A Constituição Brasileira determina que os municípios gastem no mínimo 15% de sua receita com saúde e 25% com educação. Já os estados devem destinar 12% da receita à saúde e 25% à educação. O relatório do senador Márcio Bittar que institui o auxílio emergencial prevê o fim dessa obrigação.

É claro que a sociedade precisa discutir a qualidade do gasto em saúde e educação e ampliar os mecanismos de transparência dos mesmos. Mas mexer atabalhoadamente nos mínimos constitucionais não é o melhor caminho para isso.

A existência de um valor mínimo de investimento para a saúde é um dos pilares do SUS. Em meio a esta dramática pandemia e seus efeitos futuros, colocar os secretários de saúde com um “pires na mão” não seria apenas insensibilidade, seria sadismo dos nossos parlamentares.

Apenas durante as ditaduras do Estado-Novo e militar o país não teve um investimento mínimo em educação definido por lei. Não creio que nossos parlamentares, que merecem o elogio da sociedade pela aprovação do novo Fundeb há poucos meses, caiam em contradição e virem as costas à educação pública mimetizando ditaduras.

Dada a previsível reação da sociedade, é possível que o fim das vinculações de educação e saúde sejam apenas uma cortina de fumaça para a realização de um sonho antigo do ministro Paulo Guedes: um piso único que destine 40% das receitas para as duas áreas, dando liberdade aos prefeitos e governadores para escolherem como distribuir os recursos entre as mesmas.

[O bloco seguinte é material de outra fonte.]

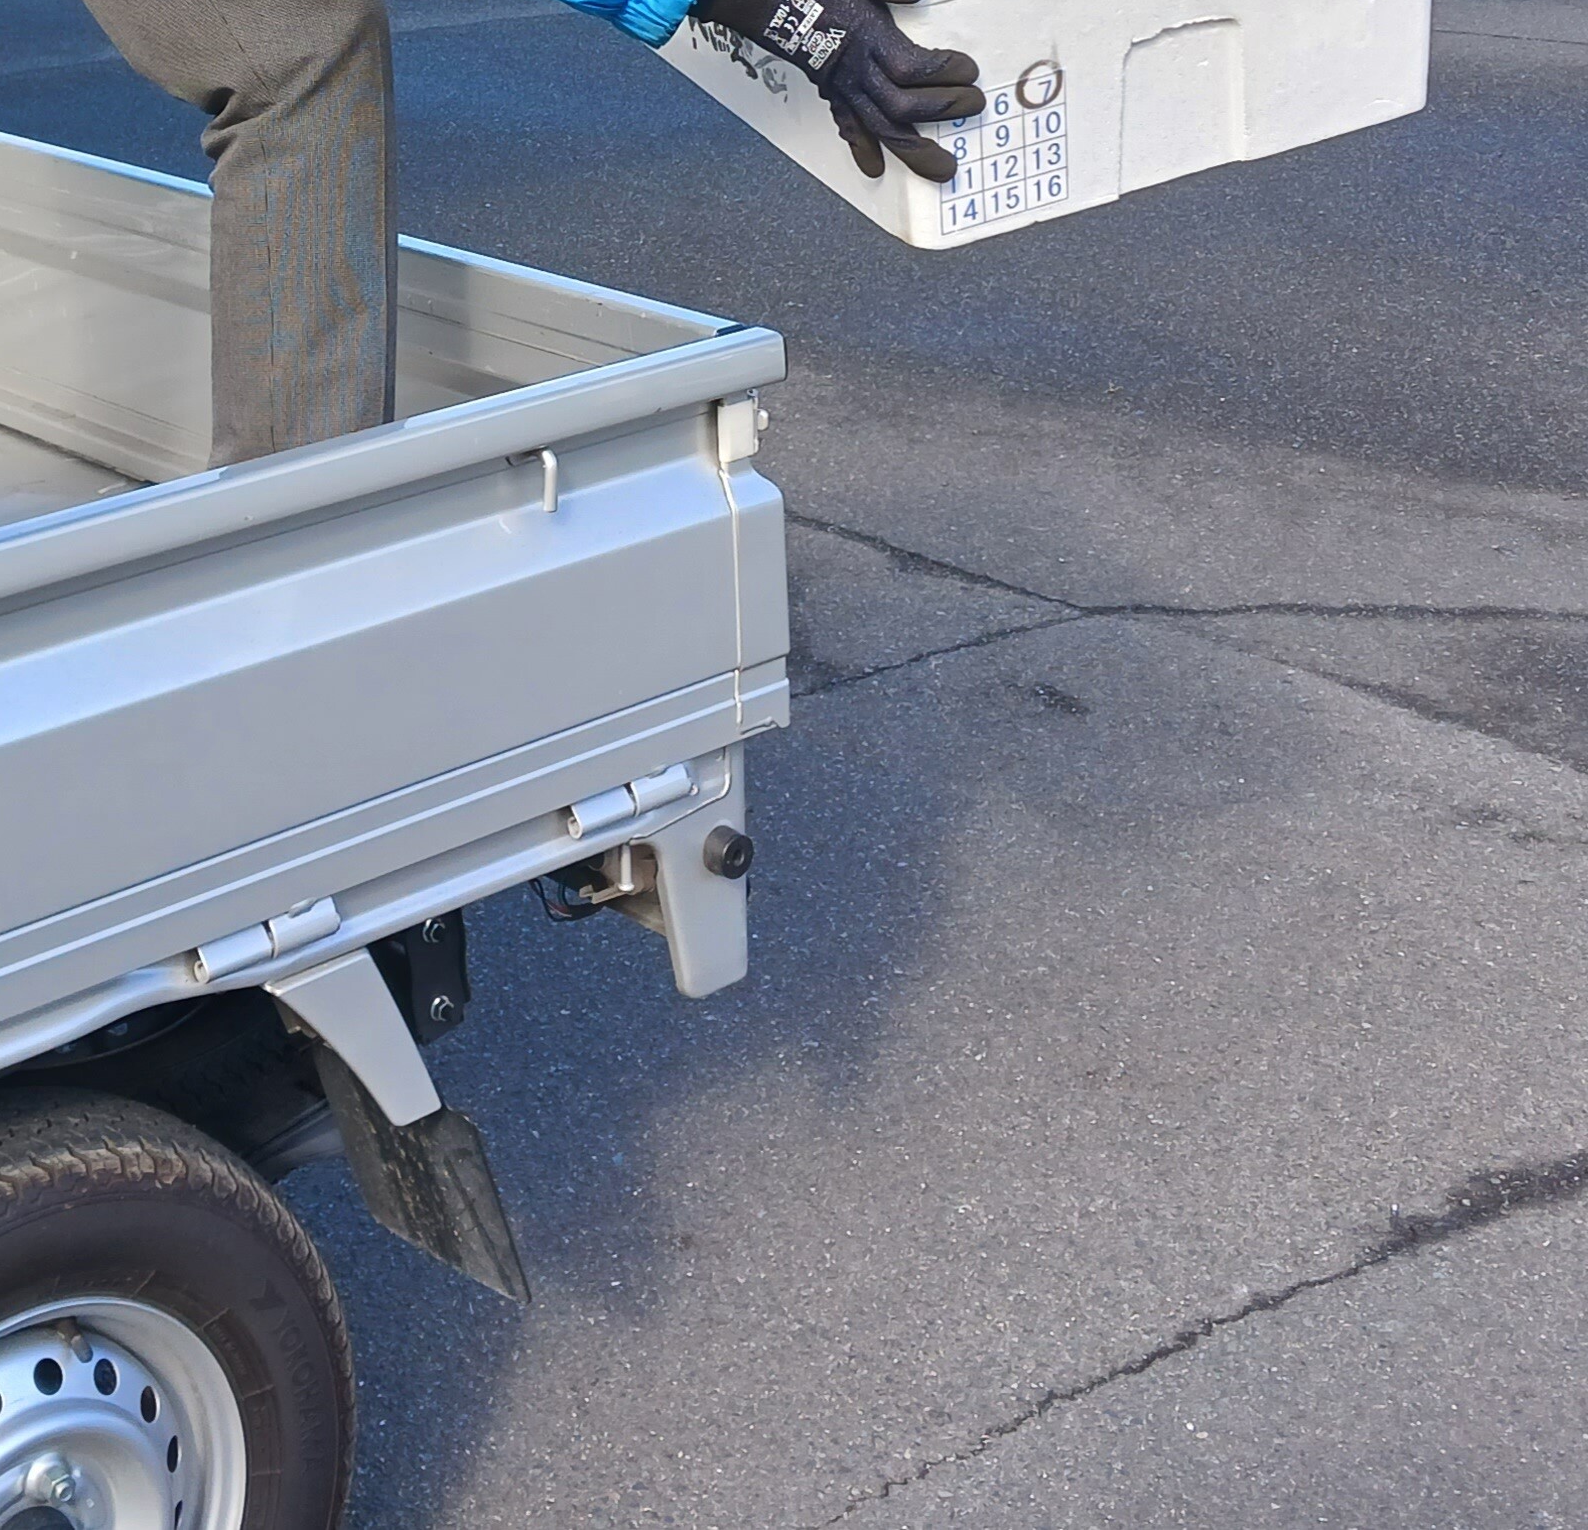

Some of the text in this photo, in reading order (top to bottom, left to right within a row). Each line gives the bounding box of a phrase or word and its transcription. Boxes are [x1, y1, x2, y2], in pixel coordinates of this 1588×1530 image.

[994, 79, 1053, 116] 6 7
[953, 110, 1062, 161] 8 9 10
[950, 142, 1062, 194] 11 12 13
[948, 174, 1062, 226] 14 15 16
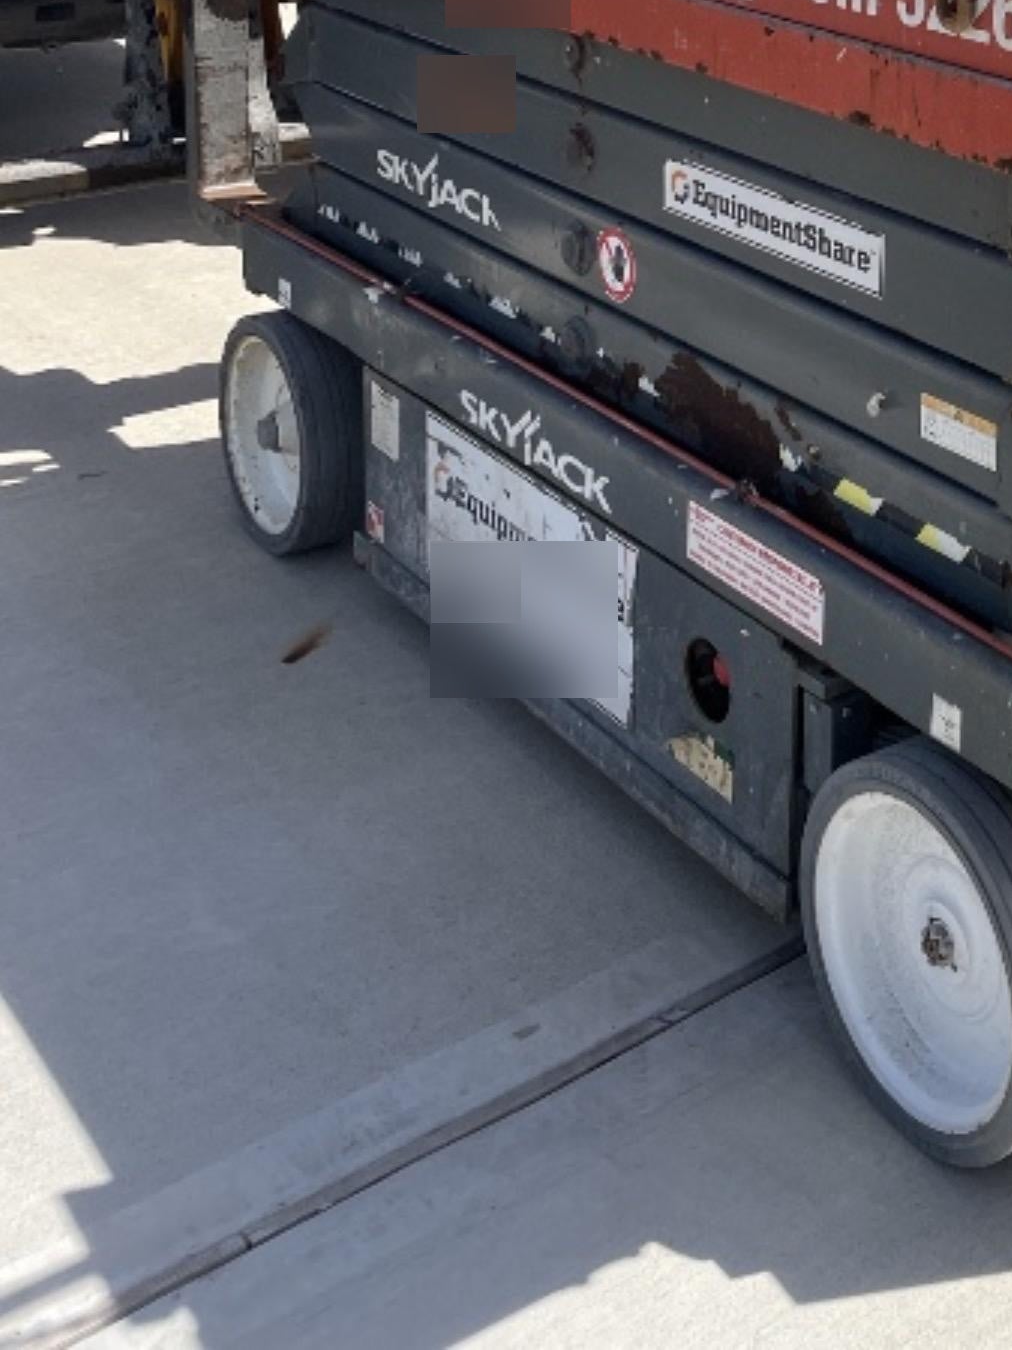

Esta medida também promoverá a redução de investimentos nas duas áreas, com maior prejuízo para a educação.

Levantamento realizado por esta Folha em 2019 —portanto antes da pandemia— indicou que o gasto médio nas capitais com saúde era de 21,6% e na educação de 25,8%, perfazendo um total de 47,4%, o que já estava acima dos 40% previstos por Guedes em sua proposta inicial.

Estudo do Instituto de Pesquisa Econômica Aplicada de setembro de 2020 vai na mesma direção: 80% dos 5.480 municípios da amostra gastam mais do que o piso. Segundo os pesquisadores do instituto em um cenário de unificação dos pisos as perdas da educação tendem a ser maiores que as da saúde, dadas as características das despesas das duas áreas.

Há um dado adicional. Como já escrevi nesse espaço, a saúde é uma área que mobiliza demandas imediatas dos cidadãos, lida com a dor, a possibilidade da morte e a qualidade de vida. Os resultados educacionais na maioria das vezes são alcançados em prazos que ultrapassam o período de uma gestão. Os políticos são racionais e procuram maximizar a moeda que garante sua sobrevivência: o voto. Qual seria a escolha de um candidato à reeleição? Inaugurar postos de saúde ou investir em educação?

Nosso país tem um enorme passivo na área de educação. O número de matrículas em creche é baixíssimo, a pré-escola não foi universalizada, não conseguimos garantir educação de qualidade para todos. Esse passivo foi ampliado durante a pandemia do Coronavirus, o que exigirá mais investimentos.

Está nas mãos do Congresso Nacional decidir se reafirmará seu compromisso com a educação pública, expresso na aprovação do novo Fundeb em 2020, ou se aceitará aprovar de “contrabando” na lei do auxílio emergencial, um dispositivo que na prática reduzirá os investimentos em educação e tornará permanente algo que nem as ditaduras conseguiram: acabar com o investimento mínimo em educação no Brasil.

*O título desse artigo foi inspirado na campanha nas redes da Campanha Nacional pelo Direito à Educação.